Restate word for word the lines from the one containing "Some of the text" through the end of the listing below, with both ends included.
_ _ _ _ _ _ _
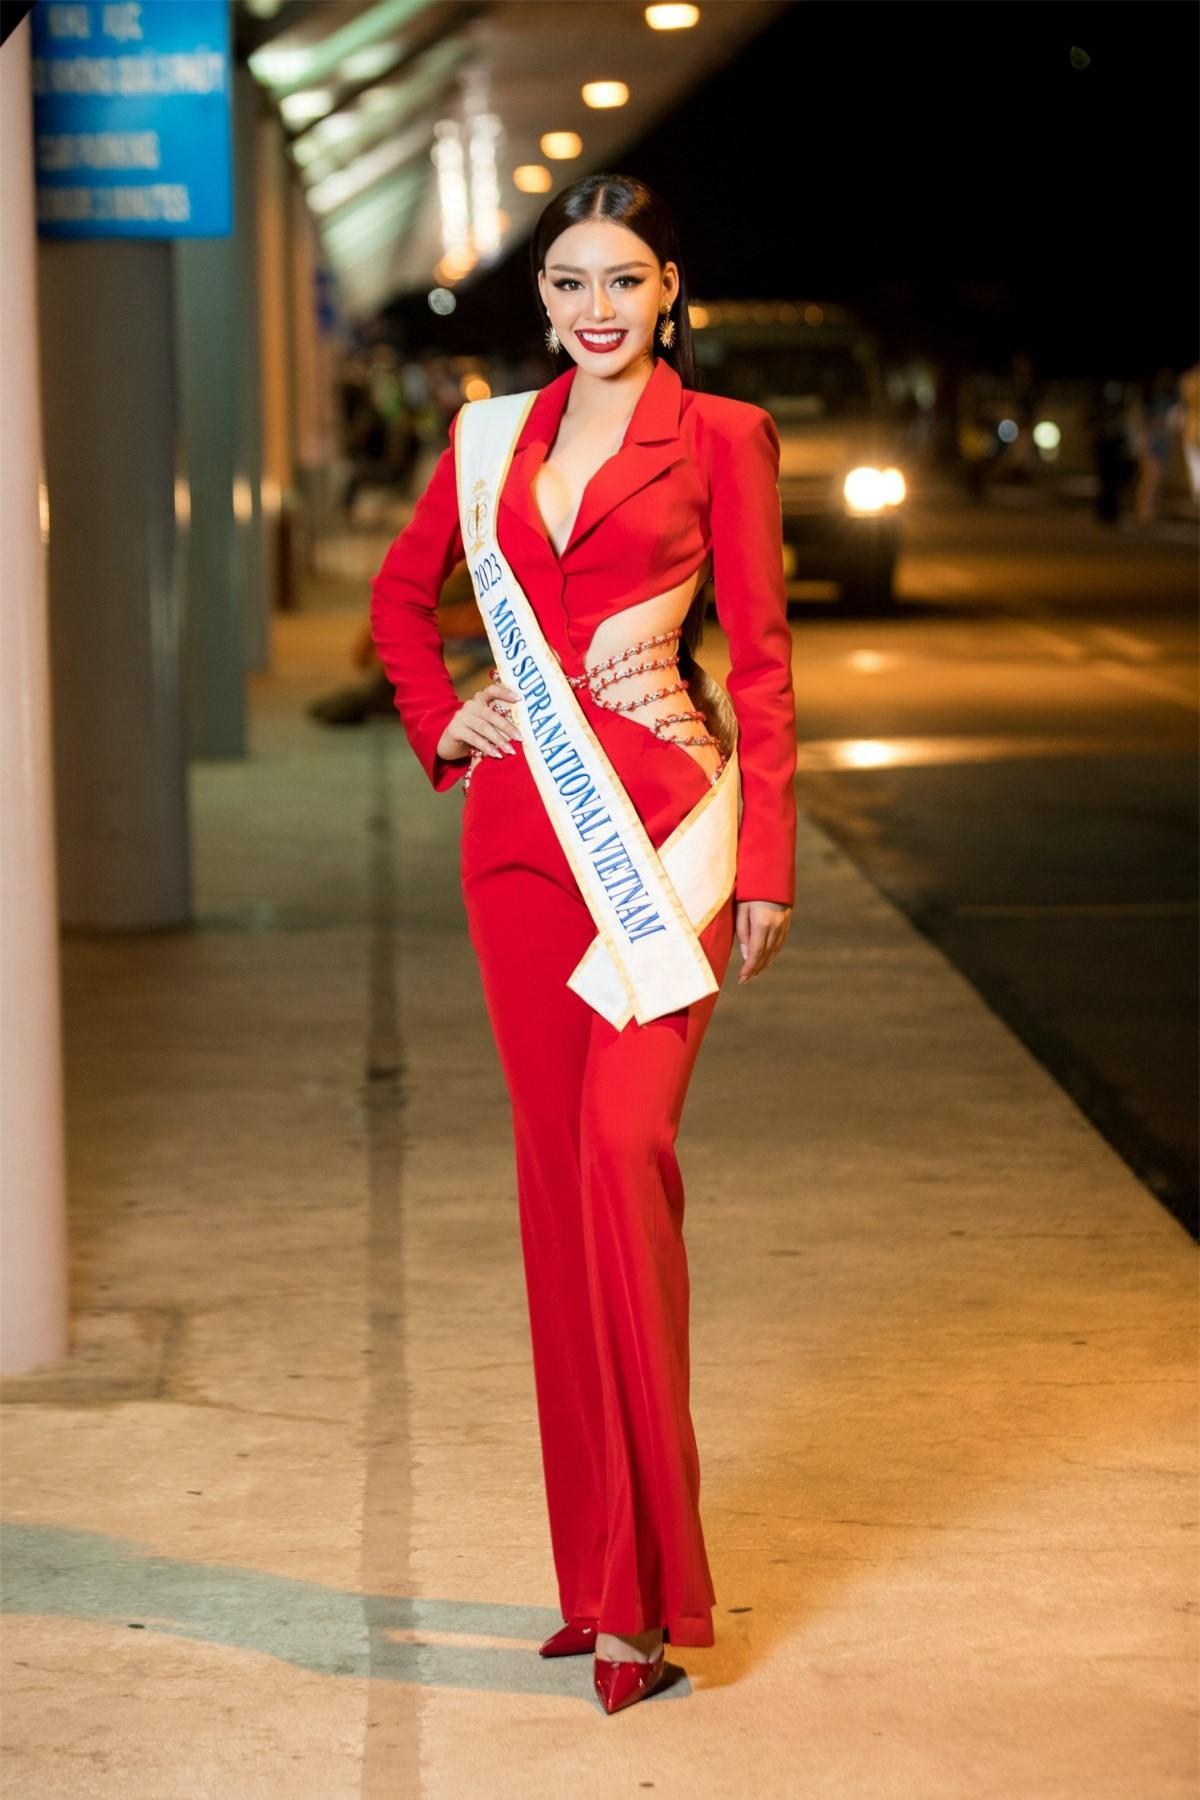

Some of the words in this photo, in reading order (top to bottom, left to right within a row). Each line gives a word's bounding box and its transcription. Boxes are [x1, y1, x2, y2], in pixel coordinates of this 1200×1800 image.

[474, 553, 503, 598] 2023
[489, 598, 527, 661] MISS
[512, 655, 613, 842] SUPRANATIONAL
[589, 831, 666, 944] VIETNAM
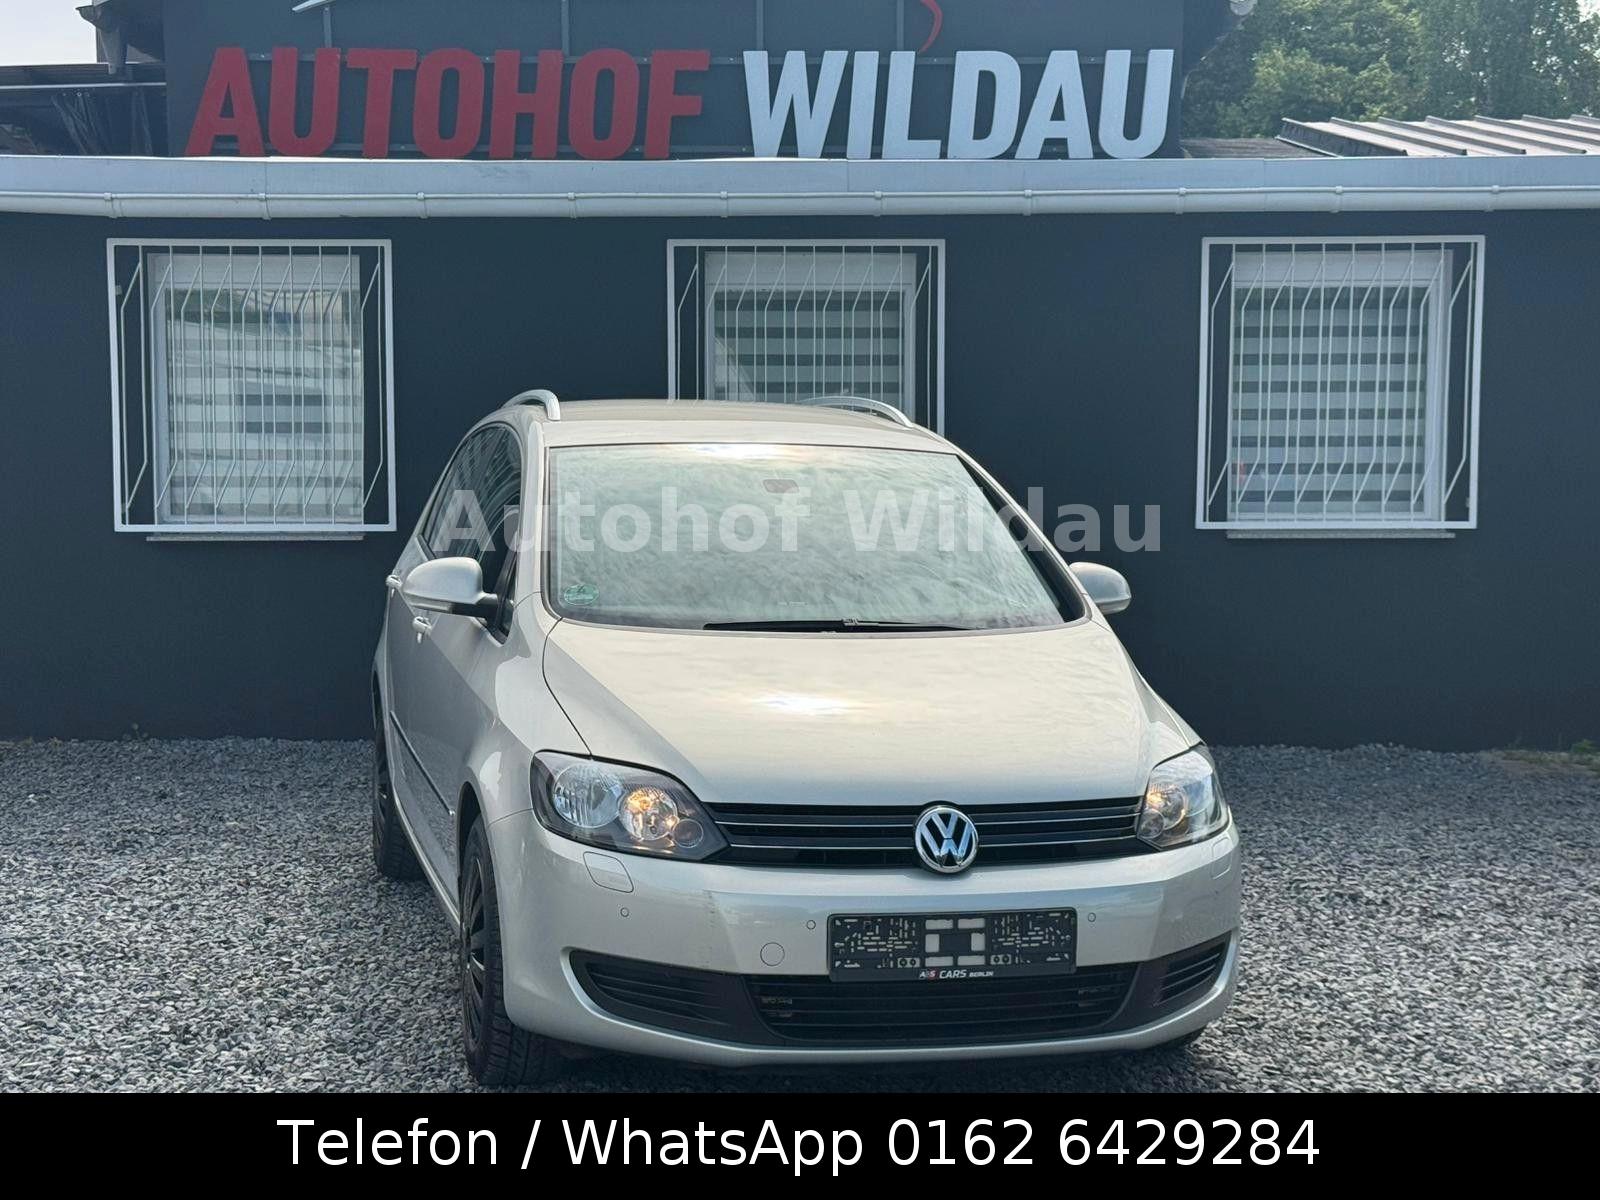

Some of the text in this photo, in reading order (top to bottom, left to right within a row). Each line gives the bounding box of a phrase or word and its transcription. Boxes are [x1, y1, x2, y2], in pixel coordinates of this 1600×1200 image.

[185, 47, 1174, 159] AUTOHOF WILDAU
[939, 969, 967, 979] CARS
_ _ _ _ _ _ _
### Response to the task
Some of the text in this photo, in reading order (top to bottom, left to right within a row). Each line gives the bounding box of a phrase or word and its transcription. Boxes are [x1, y1, x2, y2], in pixel coordinates of this 1600×1200 image.

[185, 47, 1174, 159] AUTOHOF WILDAU
[939, 969, 967, 979] CARS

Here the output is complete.